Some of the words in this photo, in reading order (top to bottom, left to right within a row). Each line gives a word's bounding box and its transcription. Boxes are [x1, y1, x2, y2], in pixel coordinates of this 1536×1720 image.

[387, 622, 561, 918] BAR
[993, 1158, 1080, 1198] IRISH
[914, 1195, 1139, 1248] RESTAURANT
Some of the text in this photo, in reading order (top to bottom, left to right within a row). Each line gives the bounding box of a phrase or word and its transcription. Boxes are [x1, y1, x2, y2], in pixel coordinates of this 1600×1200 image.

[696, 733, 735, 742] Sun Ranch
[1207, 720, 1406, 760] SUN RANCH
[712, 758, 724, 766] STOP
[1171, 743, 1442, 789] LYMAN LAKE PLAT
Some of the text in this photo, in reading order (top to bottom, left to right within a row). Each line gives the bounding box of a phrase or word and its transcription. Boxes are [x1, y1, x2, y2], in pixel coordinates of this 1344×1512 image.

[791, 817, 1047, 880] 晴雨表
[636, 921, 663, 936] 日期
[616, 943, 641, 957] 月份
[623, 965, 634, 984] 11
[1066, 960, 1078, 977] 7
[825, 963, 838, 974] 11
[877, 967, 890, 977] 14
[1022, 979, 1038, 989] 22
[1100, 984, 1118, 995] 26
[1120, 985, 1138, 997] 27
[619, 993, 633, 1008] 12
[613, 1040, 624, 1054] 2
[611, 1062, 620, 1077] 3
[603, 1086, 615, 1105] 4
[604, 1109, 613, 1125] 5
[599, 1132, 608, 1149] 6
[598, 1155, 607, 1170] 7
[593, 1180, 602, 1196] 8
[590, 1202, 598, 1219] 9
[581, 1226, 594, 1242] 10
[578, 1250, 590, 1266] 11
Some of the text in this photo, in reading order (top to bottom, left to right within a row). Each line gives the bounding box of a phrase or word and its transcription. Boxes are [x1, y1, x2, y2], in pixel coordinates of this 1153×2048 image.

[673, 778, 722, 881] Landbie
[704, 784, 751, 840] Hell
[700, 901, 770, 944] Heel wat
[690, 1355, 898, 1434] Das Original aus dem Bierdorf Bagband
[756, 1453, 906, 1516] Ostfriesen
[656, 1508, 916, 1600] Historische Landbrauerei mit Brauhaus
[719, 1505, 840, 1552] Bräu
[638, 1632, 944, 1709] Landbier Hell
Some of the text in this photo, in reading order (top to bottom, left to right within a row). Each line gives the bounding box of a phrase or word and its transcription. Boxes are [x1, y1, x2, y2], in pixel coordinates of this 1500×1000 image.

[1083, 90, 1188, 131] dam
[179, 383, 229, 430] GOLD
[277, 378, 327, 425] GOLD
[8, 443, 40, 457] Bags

########################################

→ **Task goal**: Only the lines from the one containing "this 1500×1000 image." through the last line of the material belong in your answer; output them exactly.

→ **Response box**:
Some of the text in this photo, in reading order (top to bottom, left to right within a row). Each line gives the bounding box of a phrase or word and its transcription. Boxes are [x1, y1, x2, y2], in pixel coordinates of this 1500×1000 image.

[1083, 90, 1188, 131] dam
[179, 383, 229, 430] GOLD
[277, 378, 327, 425] GOLD
[8, 443, 40, 457] Bags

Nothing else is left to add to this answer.